>>>

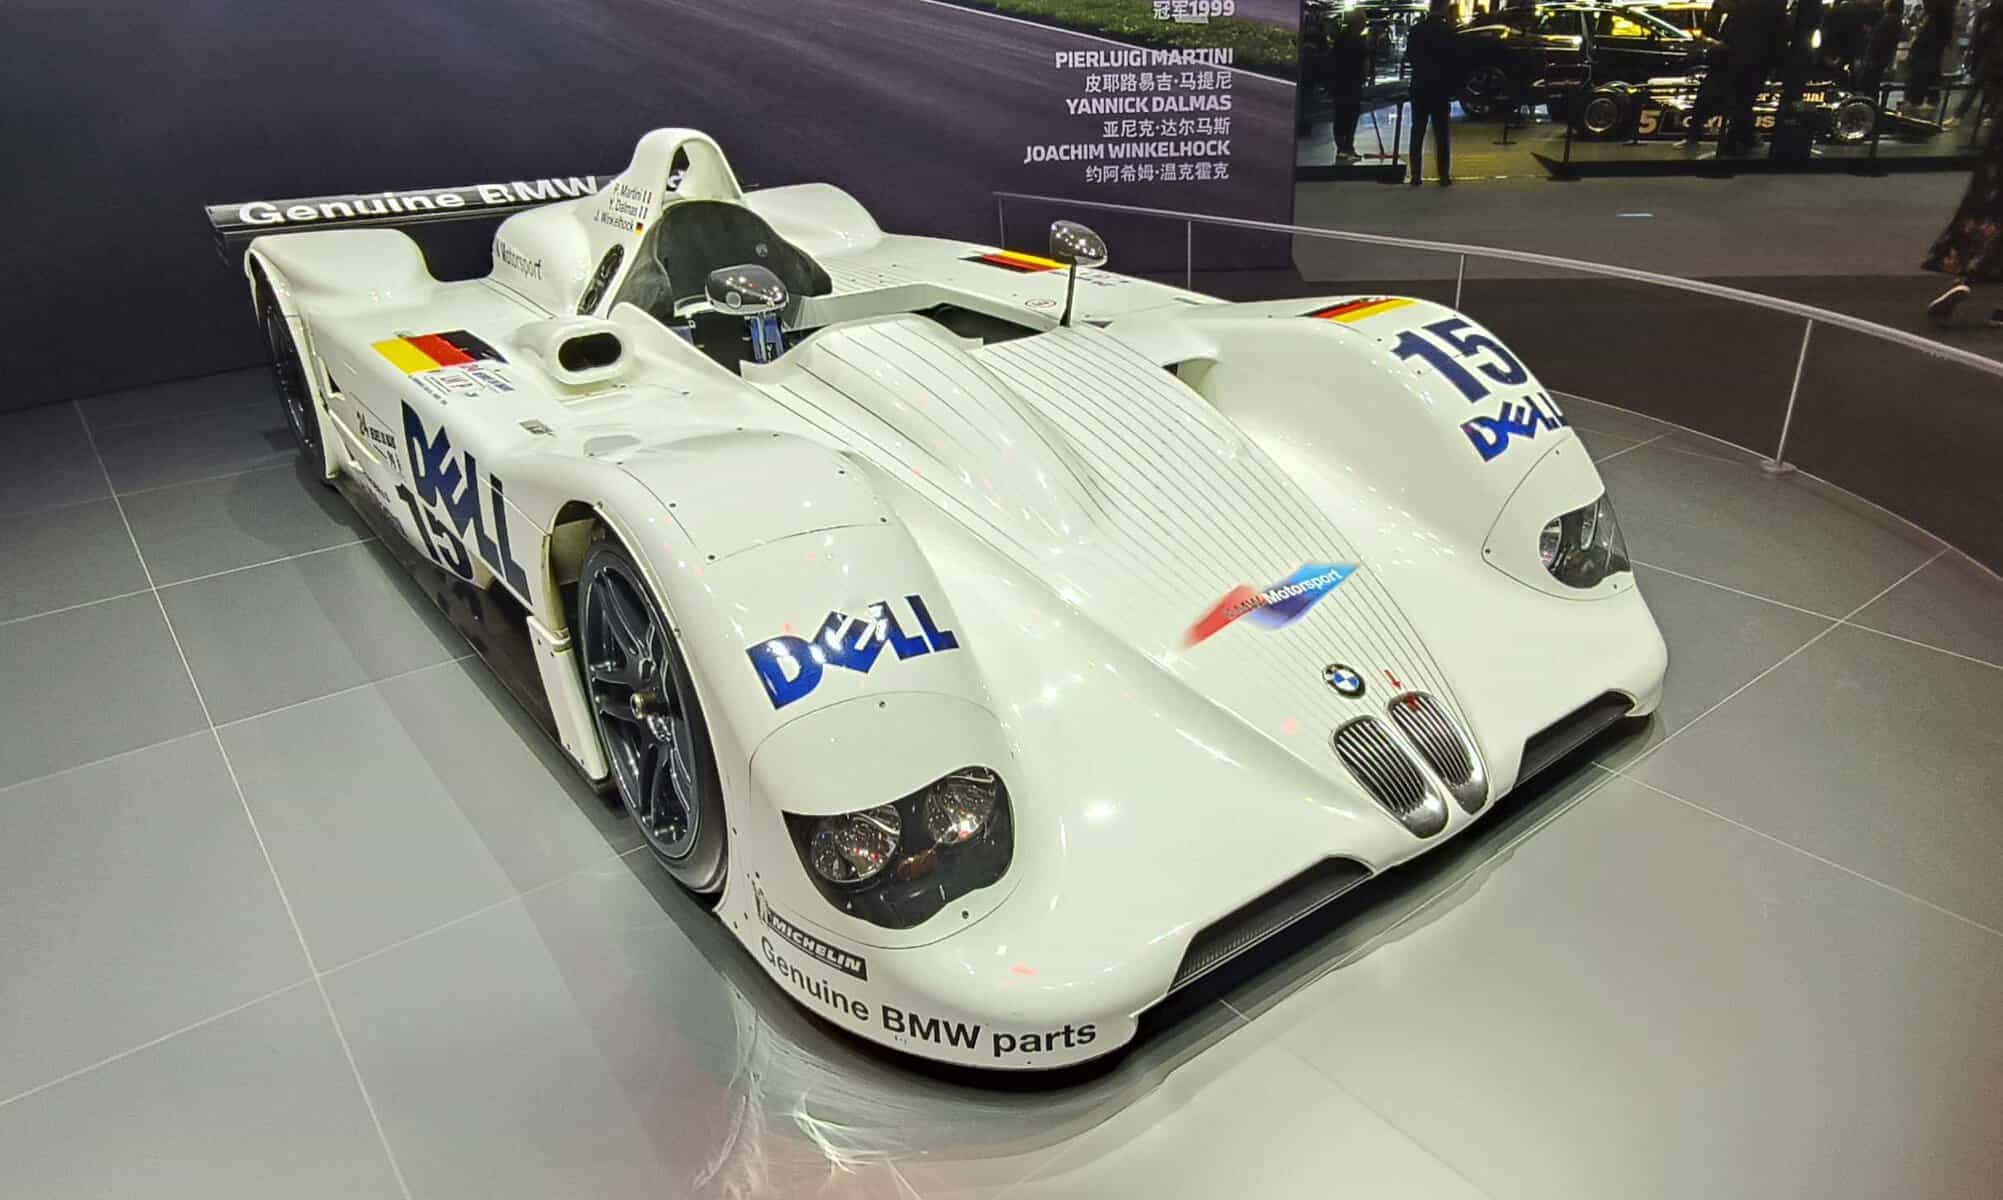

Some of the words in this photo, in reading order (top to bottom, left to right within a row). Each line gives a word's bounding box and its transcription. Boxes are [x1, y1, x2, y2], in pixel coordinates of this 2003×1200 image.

[1153, 0, 1236, 20] 冠军1999
[1055, 49, 1148, 69] PIERLUIGI
[1152, 48, 1233, 66] MARTINI
[1085, 72, 1232, 93] 皮耶路易吉·马提尼
[1066, 96, 1149, 115] YANNICK
[1152, 95, 1232, 114] DALMAS
[1639, 110, 1661, 134] 5
[1103, 117, 1231, 138] 亚尼克·达尔马斯
[1024, 143, 1104, 164] JOACHIM
[1108, 140, 1231, 160] WINKELHOCK
[239, 191, 465, 225] Genuine
[478, 175, 598, 205] BMW
[1391, 318, 1528, 404] 15
[1460, 392, 1569, 463] DELL
[401, 399, 535, 607] DELL
[395, 483, 475, 581] 15
[1263, 568, 1342, 605] Motorsport
[744, 594, 960, 710] DELL
[772, 917, 862, 972] MICHELIN
[761, 935, 870, 1020] Genuine
[882, 1005, 981, 1049] BMW
[993, 1023, 1097, 1057] parts

<<<

*What to do:* Omitting the images, copy the listing exactly.

*Expected answer:*
Some of the words in this photo, in reading order (top to bottom, left to right within a row). Each line gives a word's bounding box and its transcription. Boxes are [x1, y1, x2, y2], in pixel coordinates of this 2003×1200 image.

[1153, 0, 1236, 20] 冠军1999
[1055, 49, 1148, 69] PIERLUIGI
[1152, 48, 1233, 66] MARTINI
[1085, 72, 1232, 93] 皮耶路易吉·马提尼
[1066, 96, 1149, 115] YANNICK
[1152, 95, 1232, 114] DALMAS
[1639, 110, 1661, 134] 5
[1103, 117, 1231, 138] 亚尼克·达尔马斯
[1024, 143, 1104, 164] JOACHIM
[1108, 140, 1231, 160] WINKELHOCK
[239, 191, 465, 225] Genuine
[478, 175, 598, 205] BMW
[1391, 318, 1528, 404] 15
[1460, 392, 1569, 463] DELL
[401, 399, 535, 607] DELL
[395, 483, 475, 581] 15
[1263, 568, 1342, 605] Motorsport
[744, 594, 960, 710] DELL
[772, 917, 862, 972] MICHELIN
[761, 935, 870, 1020] Genuine
[882, 1005, 981, 1049] BMW
[993, 1023, 1097, 1057] parts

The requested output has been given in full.